The biography reads like a good thriller maintaining suspense throughout. Well over half the book is devoted to the years before the war, beginning with his boyhood in Australia. There are memorable vignettes of Oxford in the 1930s, where Jock led the Oxford University Boat Club in its first victory against Cambridge in many years, and the Berlin Olympics. Jock emerges in these early chapters as a charismatic and visionary leader long before his founding of the SAS.

A work of revision which will change the text book accounts of the origins of the SAS.

Amazon Review

A great read from beginning to end... a remarkable man with incredible drive and determination, I just did not want it to end!

Amazon Review

A page turner, it keeps you rapt.

Amazon Review

A superb book on the beginnings of the SAS.

Amazon Review

About John Lewes

John Lewes was the nephew and biographer of Lieutenant Jock Lewes (Jock Lewes: Co-Founder of the SAS, published by Pen & Sword Books, 2000).

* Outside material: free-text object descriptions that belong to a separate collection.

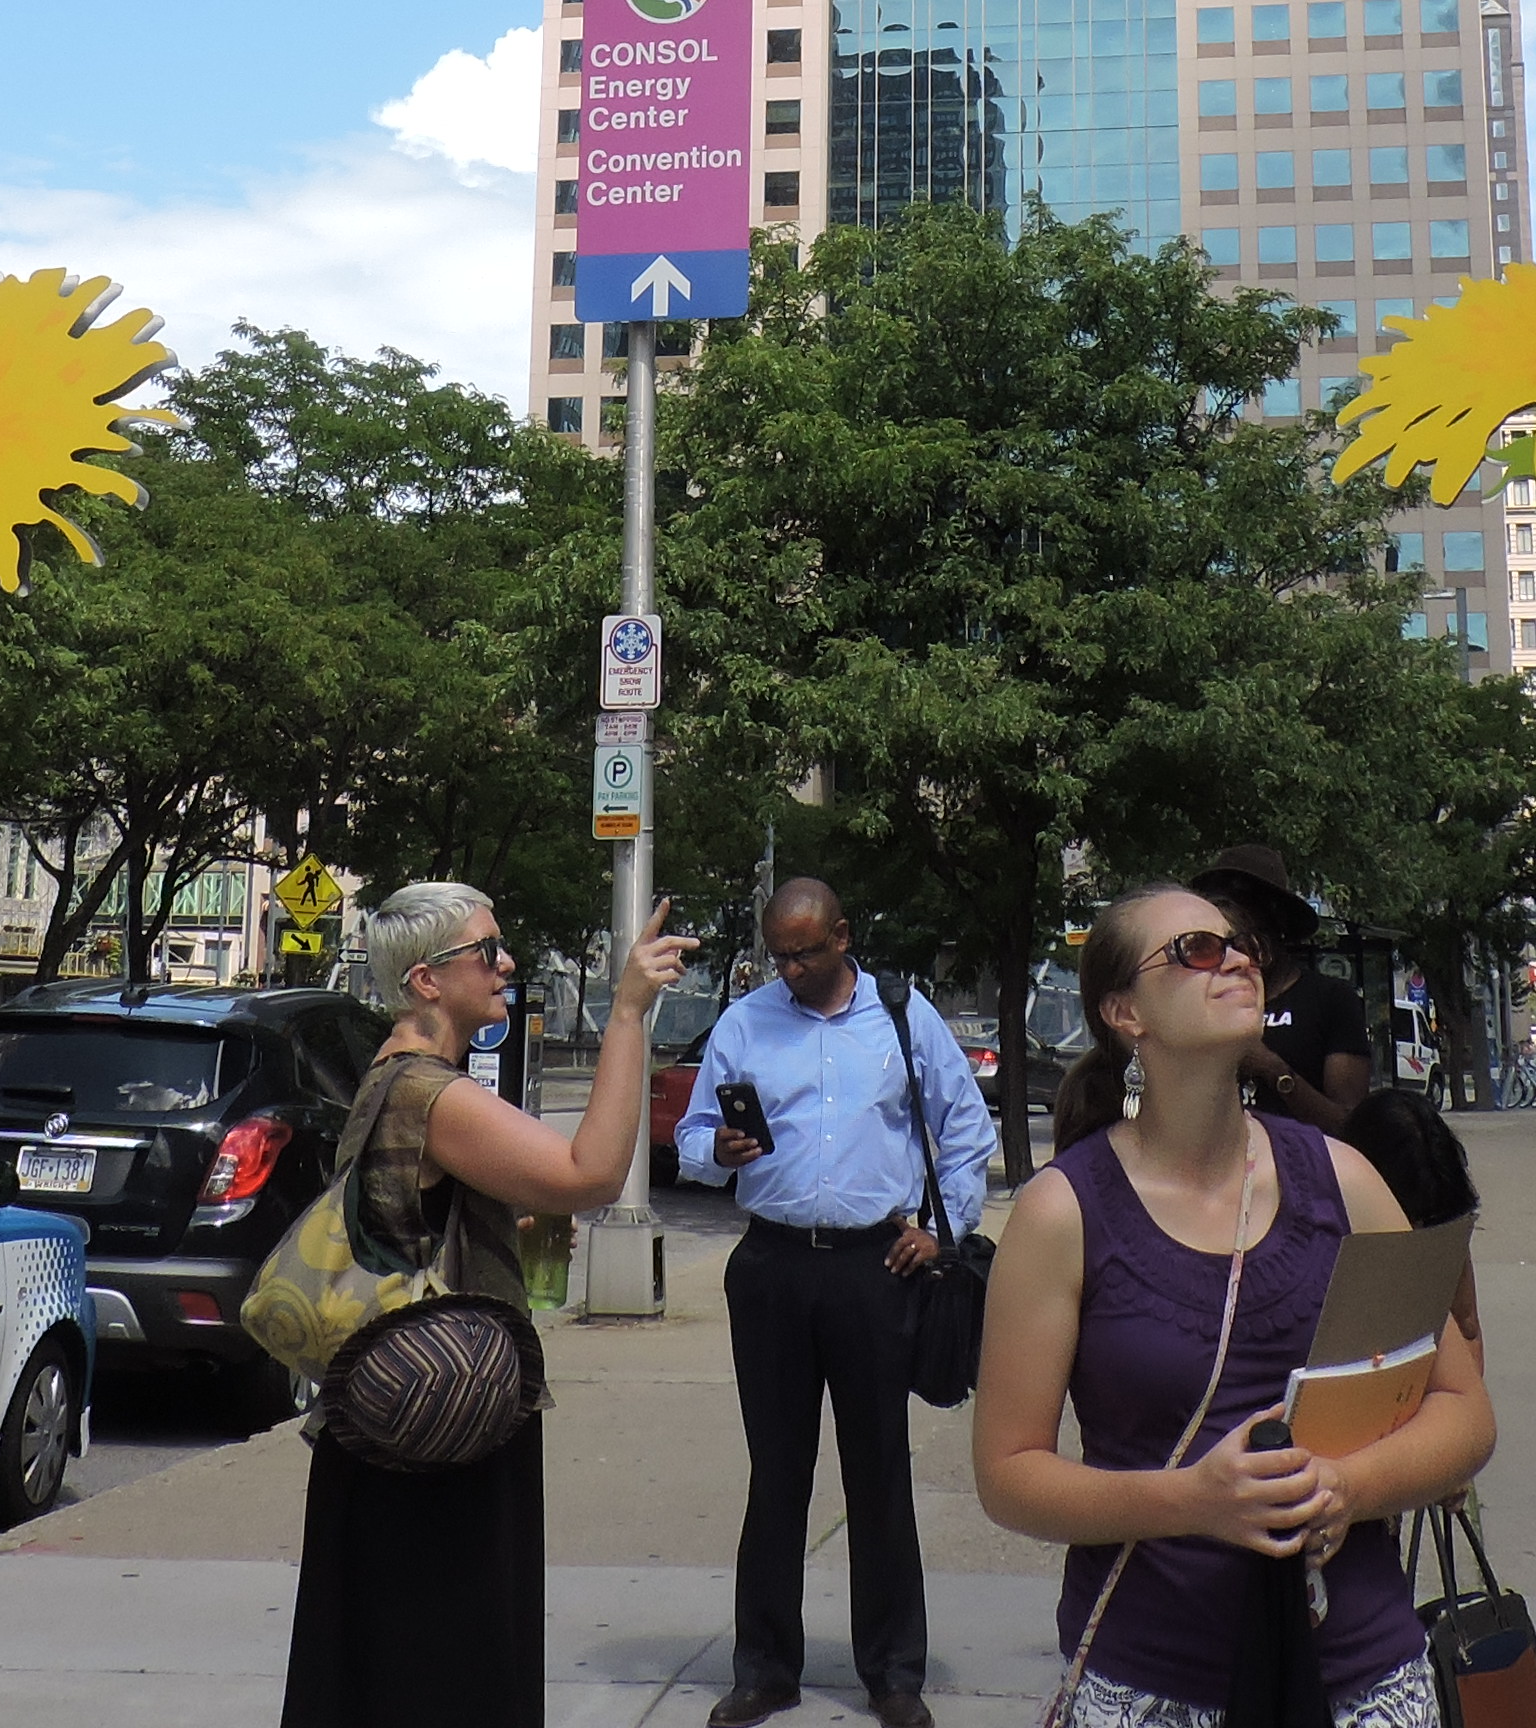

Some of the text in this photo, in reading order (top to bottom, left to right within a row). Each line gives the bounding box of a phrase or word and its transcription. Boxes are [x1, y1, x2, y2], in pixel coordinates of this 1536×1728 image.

[590, 38, 719, 68] CONSOL
[588, 75, 692, 101] Energy
[588, 105, 689, 132] Center
[587, 145, 743, 174] Convention
[585, 181, 684, 207] Center
[608, 666, 653, 676] EMERGENCY
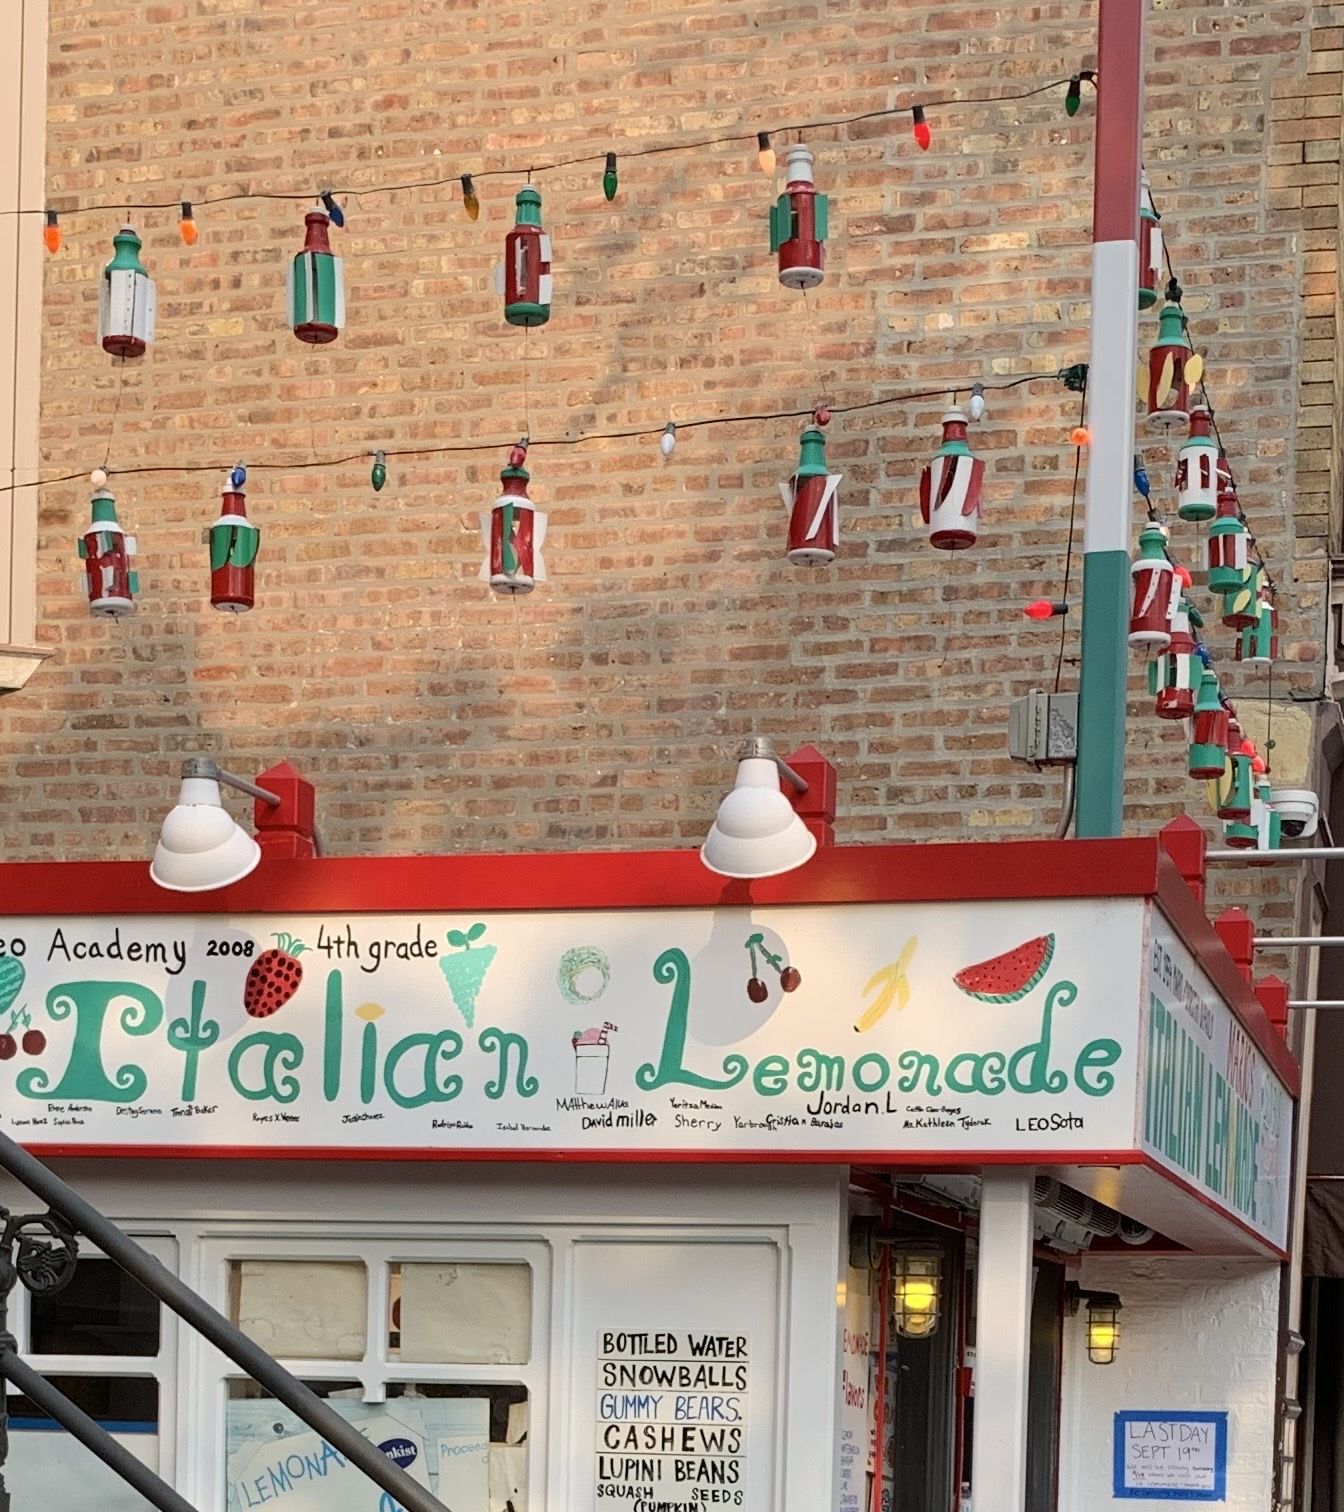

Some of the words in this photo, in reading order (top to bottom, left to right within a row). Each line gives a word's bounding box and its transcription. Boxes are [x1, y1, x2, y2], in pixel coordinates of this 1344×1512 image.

[47, 927, 187, 975] Academy
[207, 940, 255, 958] 2008
[317, 924, 359, 960] 4th
[362, 923, 439, 974] grade
[16, 967, 540, 1109] Italian
[635, 946, 1123, 1097] Lemonade
[674, 1114, 722, 1131] Sherry
[603, 1332, 678, 1354] BOTTLED
[688, 1334, 747, 1358] WATER
[603, 1362, 747, 1391] SNOWBALLS
[600, 1393, 663, 1420] GUMMY
[674, 1396, 743, 1421] BEARS.
[604, 1424, 742, 1454] CASHEWS
[1129, 1422, 1179, 1442] LAST
[1179, 1424, 1209, 1444] DAY
[385, 1444, 416, 1459] nkist
[1132, 1445, 1172, 1460] SEPT
[598, 1455, 662, 1481] LUPINI
[675, 1459, 740, 1484] BEANS
[596, 1484, 654, 1500] SQUASH
[691, 1487, 744, 1506] SEEDS

He also wrote 'A Spy After All' – a novel about love, betrayal, fanaticism and loyalty at the start of World War 2, taking inspiration for the story from his uncle’s remarkable story and based in part on the biography. 
Lewes was a Flying Officer in the RAF Volunteer Reserve (VRT) and is an Honorary Member of the Welsh Guards Association. 
In 2012, John Lewes opened the new SAS War Diary Display at Airborne Assault at IWM Duxford. The author held the very first SAS notebook which is currently unpublished and features the first SAS plans and jottings by Jock Lewes. A few years before, he spoke at the Unveiling of the Jock Lewes Memorial at an army base in Hereford. His Royal Highness Prince William unveiled the magnificent bronze statue of Lieutenant Jock Lewes.